Task brief –
The listing below should be written out word for word, with its pictures removed.

Record set –
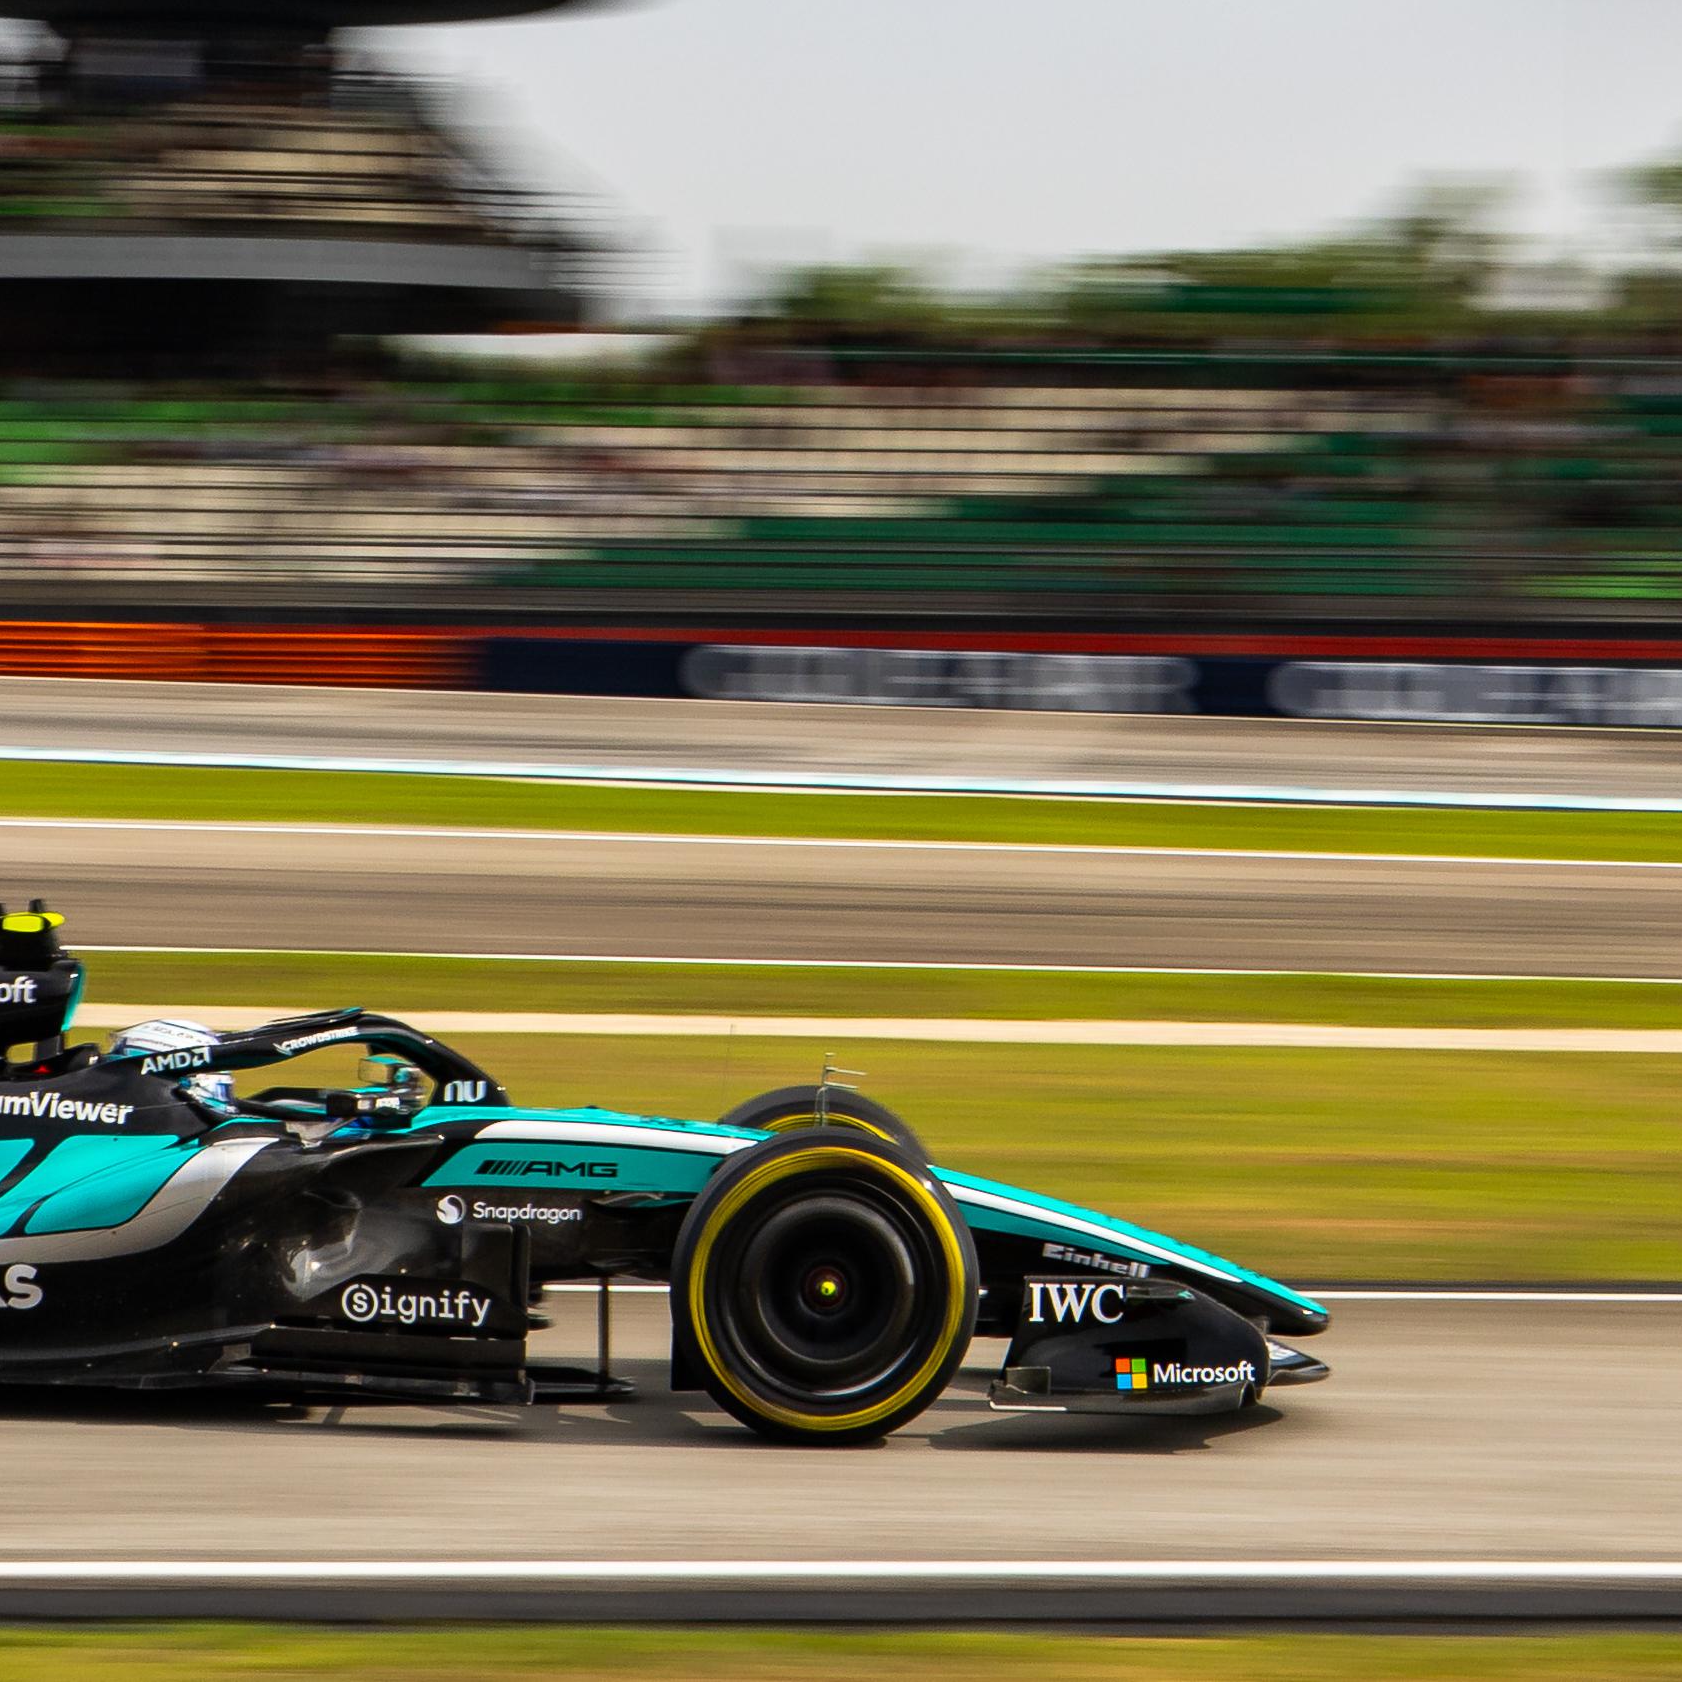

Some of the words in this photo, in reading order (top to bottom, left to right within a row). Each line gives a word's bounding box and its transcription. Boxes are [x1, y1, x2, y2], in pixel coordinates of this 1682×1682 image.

[140, 1051, 193, 1075] AMD
[521, 1160, 618, 1178] AMG
[472, 1201, 583, 1224] Snapdragon
[1042, 1242, 1152, 1279] Einhell
[1028, 1282, 1126, 1324] IWC
[1154, 1360, 1256, 1384] Microsoft
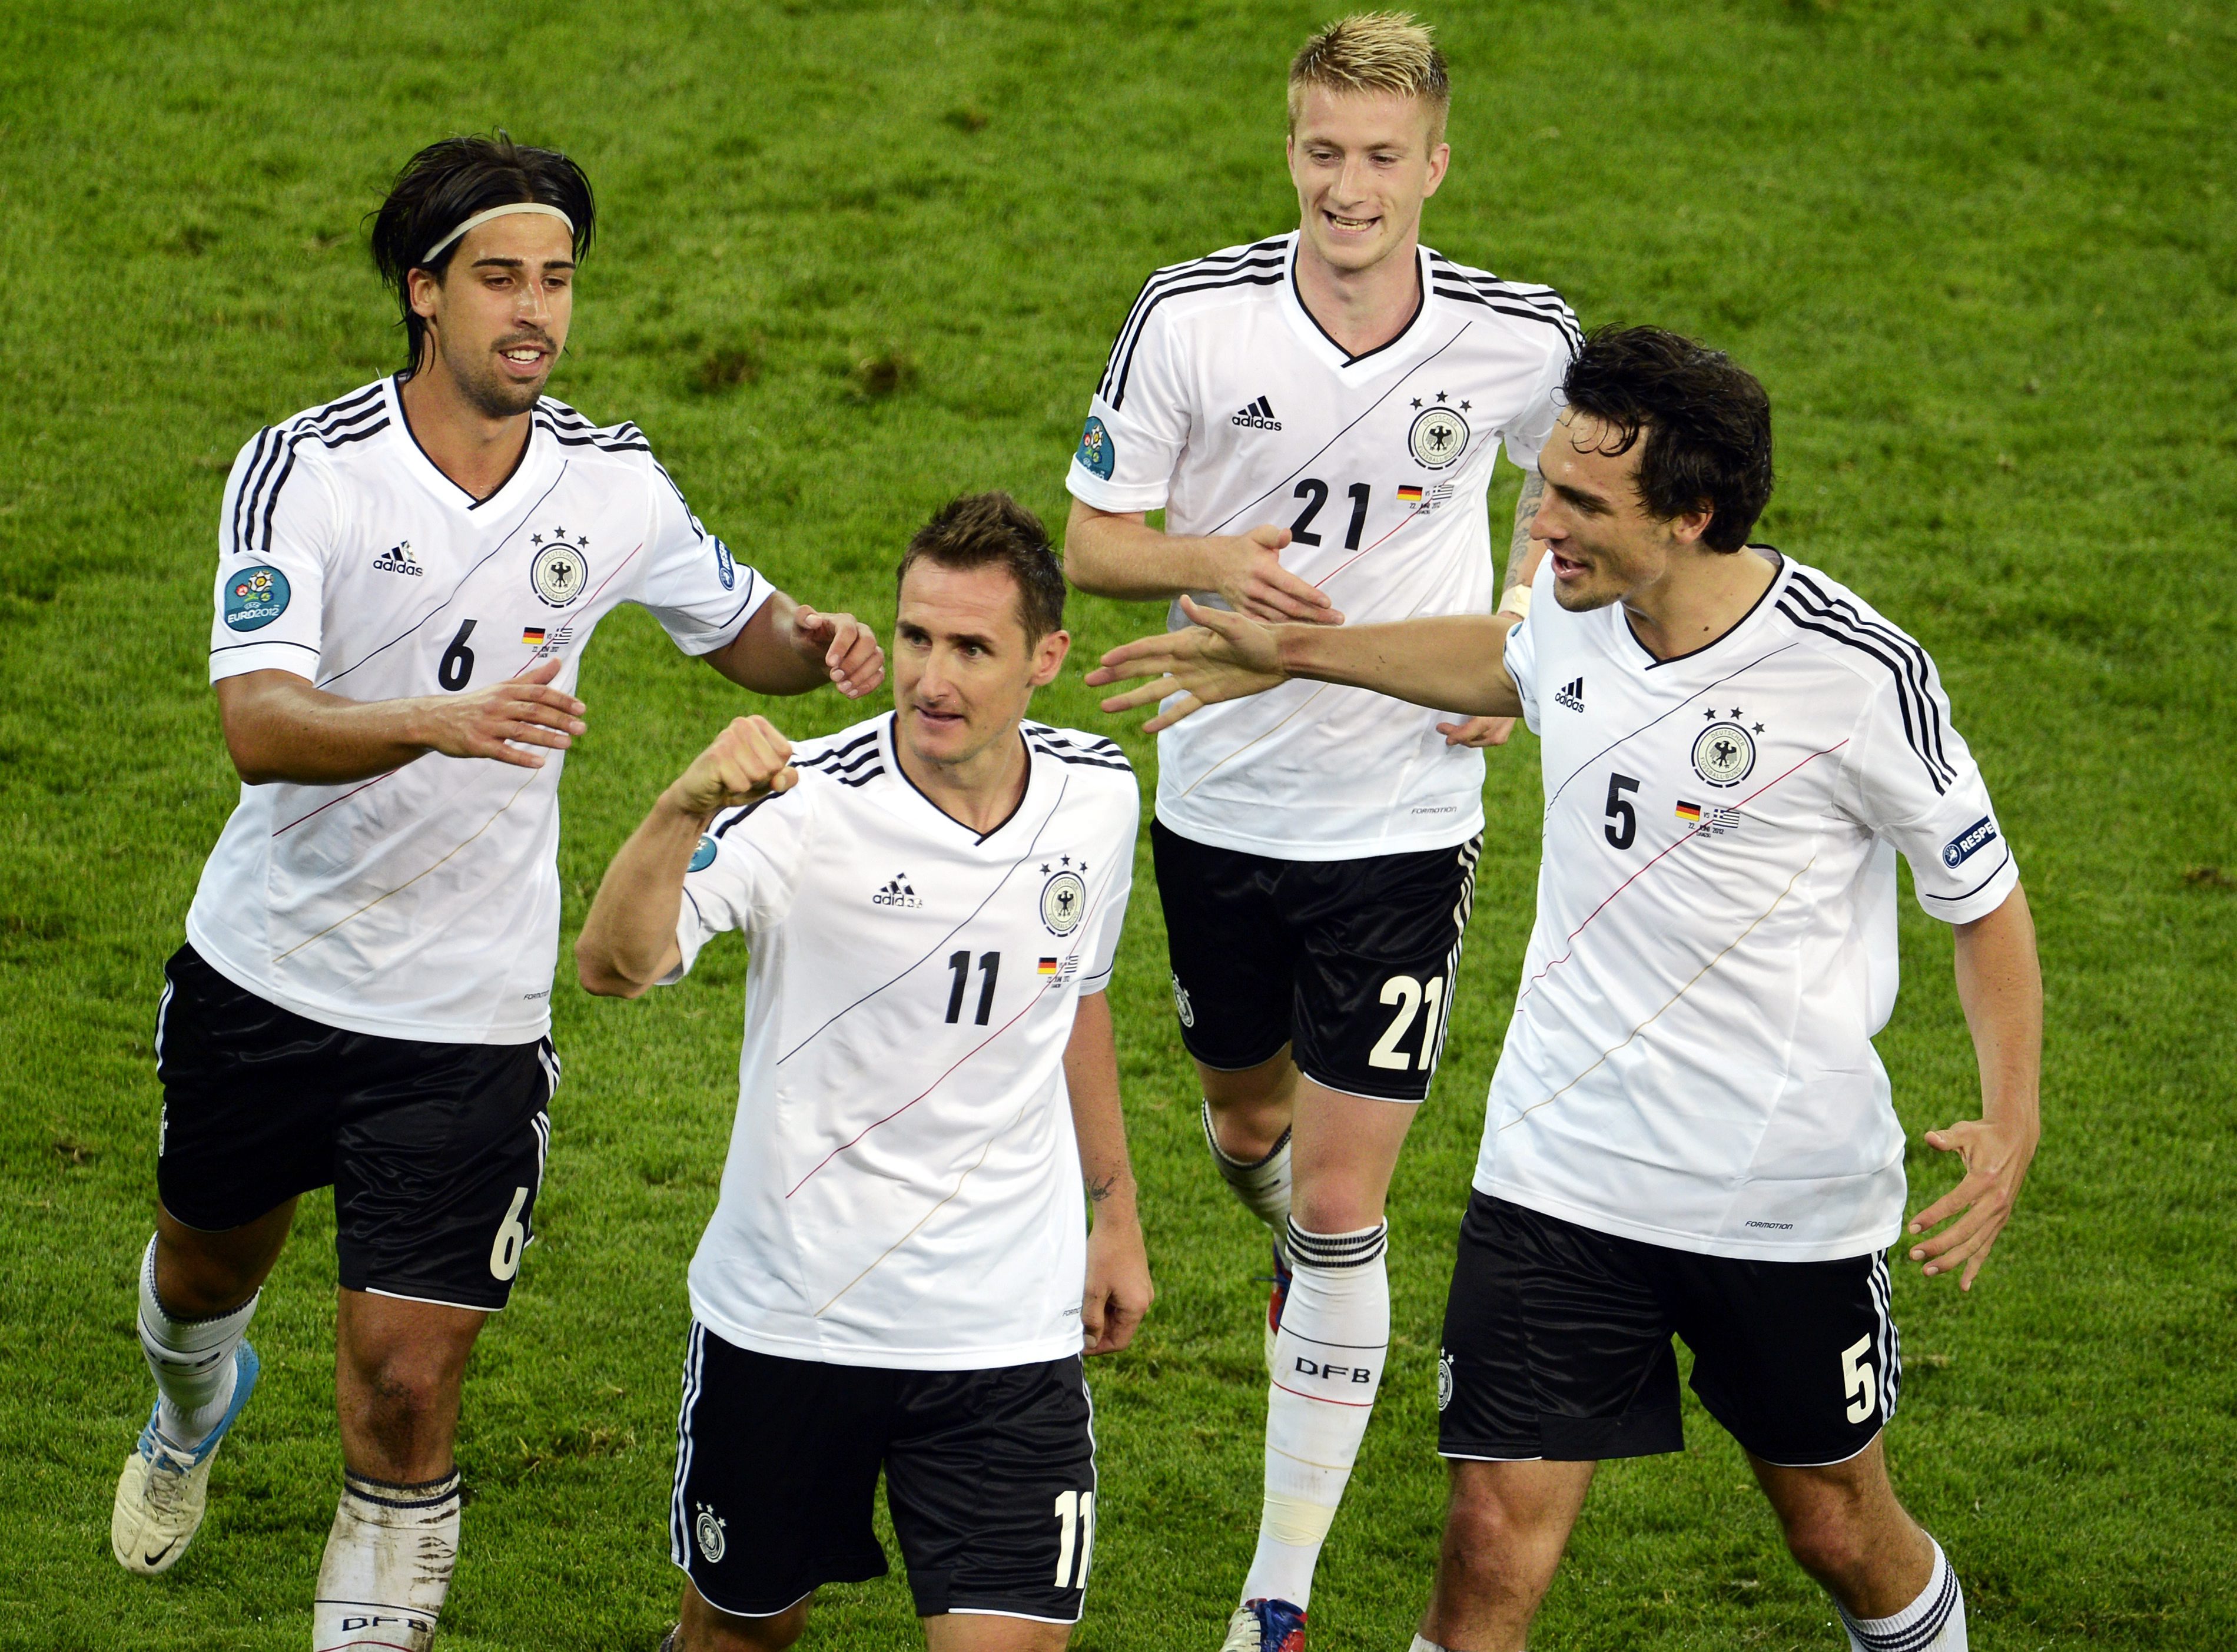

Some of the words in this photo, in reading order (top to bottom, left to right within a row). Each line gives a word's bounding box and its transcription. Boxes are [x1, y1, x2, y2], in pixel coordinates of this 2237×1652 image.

[1232, 416, 1282, 431] adidas
[1423, 414, 1458, 427] DEUTSCHER
[1290, 478, 1370, 551] 21
[373, 559, 423, 576] adidas
[544, 550, 577, 564] DEUTSCHER
[228, 608, 280, 623] EURO2012
[438, 619, 477, 691] 6
[1555, 692, 1585, 713] adidas
[1711, 730, 1745, 747] DEUTSCHER
[1412, 806, 1458, 814] FORMOTION
[1605, 772, 1640, 850] 5
[1959, 821, 1995, 852] RESPE
[944, 950, 1001, 1026] 11
[1368, 975, 1443, 1070] 21
[490, 1186, 529, 1281] 6
[1745, 1221, 1793, 1229] FORMOTION
[1296, 1357, 1370, 1383] DFB
[1841, 1332, 1876, 1424] 5
[1054, 1490, 1093, 1589] 11
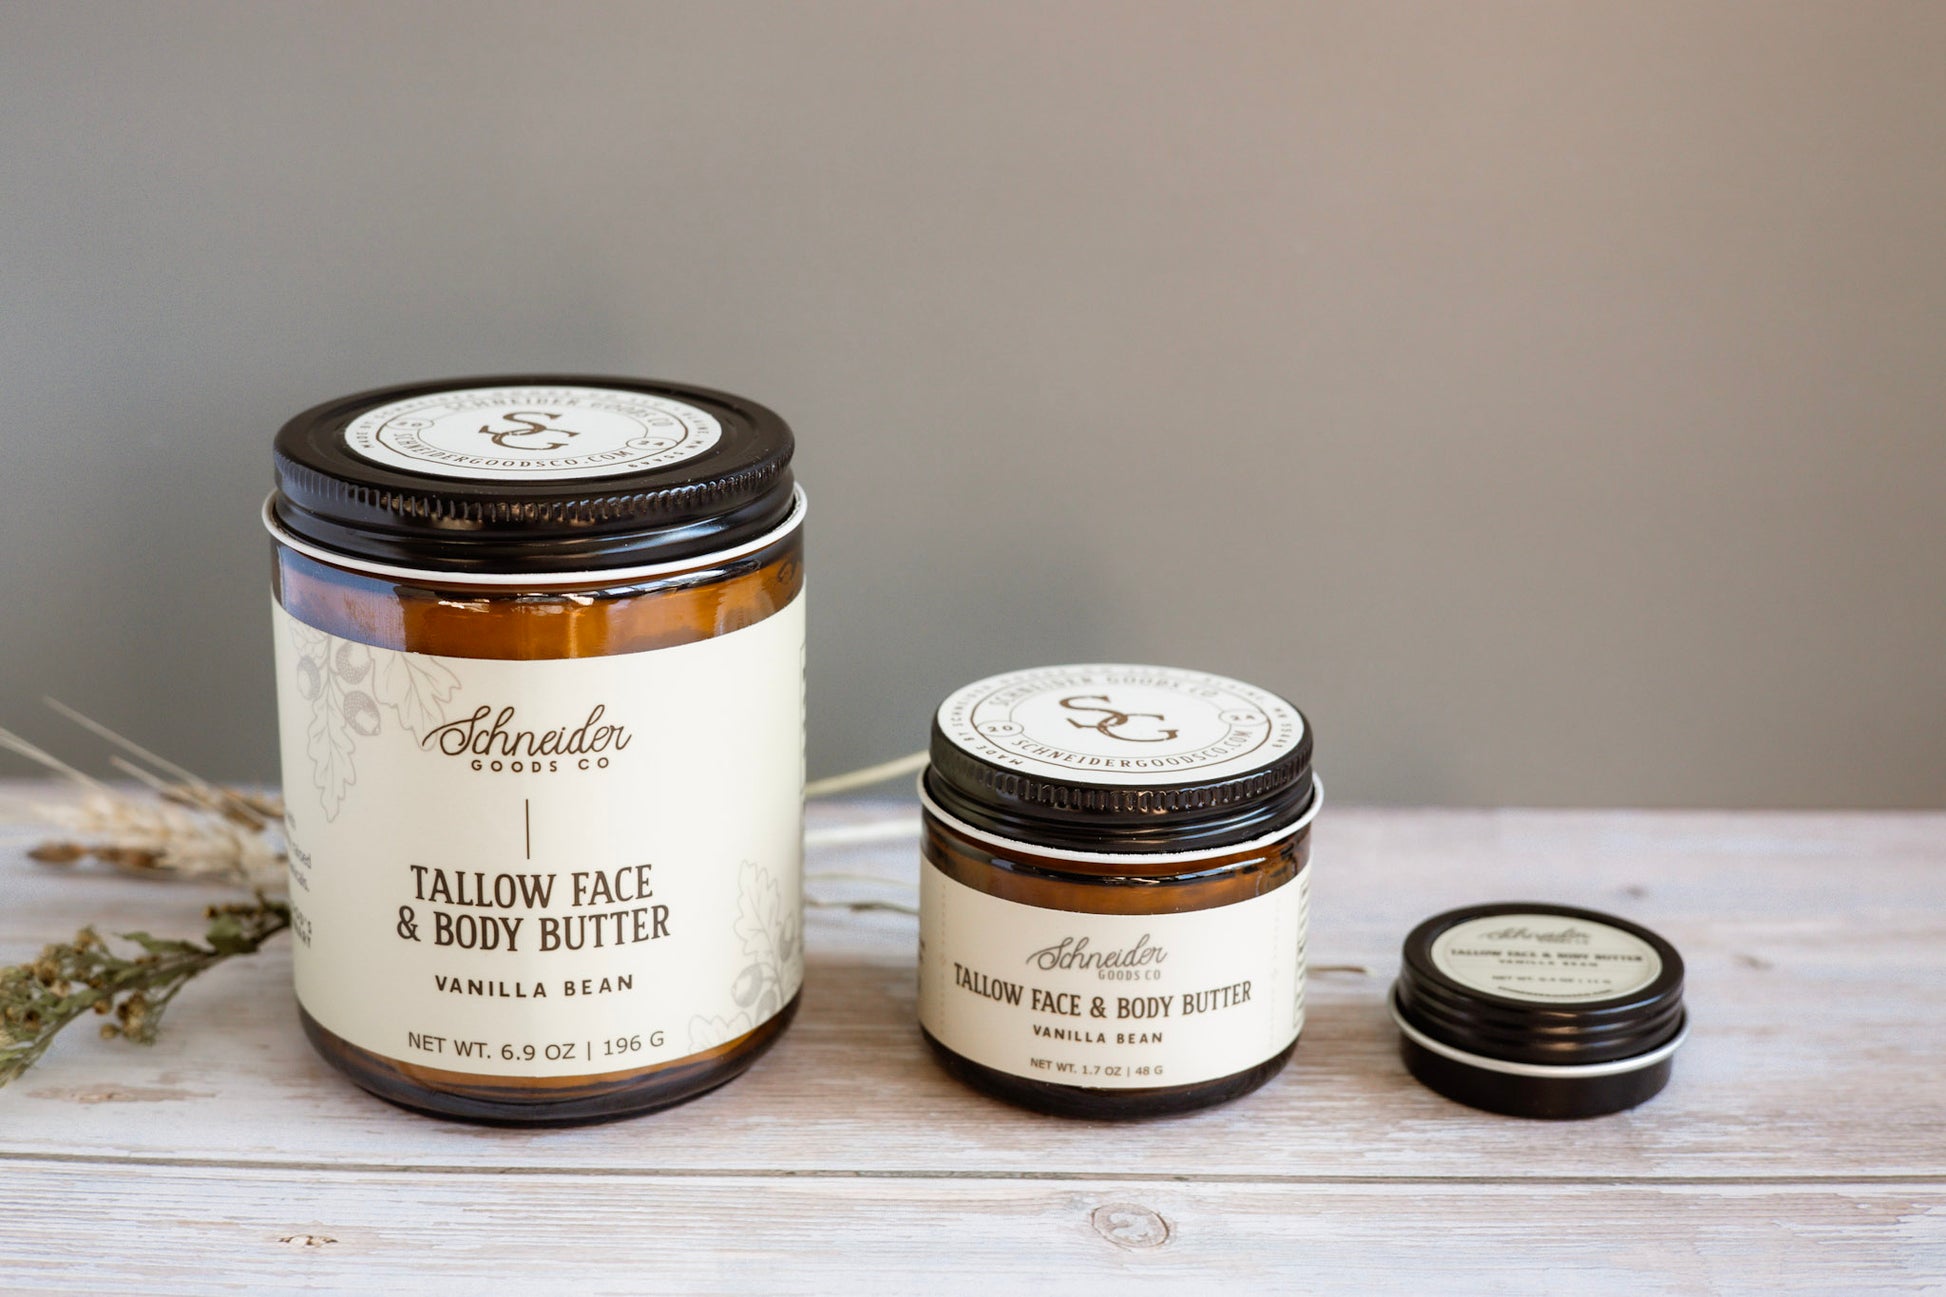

Answer to the exercise –
Some of the words in this photo, in reading order (top to bottom, left to right within a row). Each line gives a word's bounding box and its transcription. Boxes are [x1, y1, x2, y2], in pixel coordinates of this 1682×1682 image.

[140, 1051, 193, 1075] AMD
[521, 1160, 618, 1178] AMG
[472, 1201, 583, 1224] Snapdragon
[1042, 1242, 1152, 1279] Einhell
[1028, 1282, 1126, 1324] IWC
[1154, 1360, 1256, 1384] Microsoft

Some of the words in this photo, in reading order (top to bottom, left to right within a row). Each line gives a word's bounding box and its transcription. Boxes are [x1, y1, x2, y2], in pixel coordinates of this 2237×1652 image.

[1232, 416, 1282, 431] adidas
[1423, 414, 1458, 427] DEUTSCHER
[1290, 478, 1370, 551] 21
[373, 559, 423, 576] adidas
[544, 550, 577, 564] DEUTSCHER
[228, 608, 280, 623] EURO2012
[438, 619, 477, 691] 6
[1555, 692, 1585, 713] adidas
[1711, 730, 1745, 747] DEUTSCHER
[1412, 806, 1458, 814] FORMOTION
[1605, 772, 1640, 850] 5
[1959, 821, 1995, 852] RESPE
[944, 950, 1001, 1026] 11
[1368, 975, 1443, 1070] 21
[490, 1186, 529, 1281] 6
[1745, 1221, 1793, 1229] FORMOTION
[1296, 1357, 1370, 1383] DFB
[1841, 1332, 1876, 1424] 5
[1054, 1490, 1093, 1589] 11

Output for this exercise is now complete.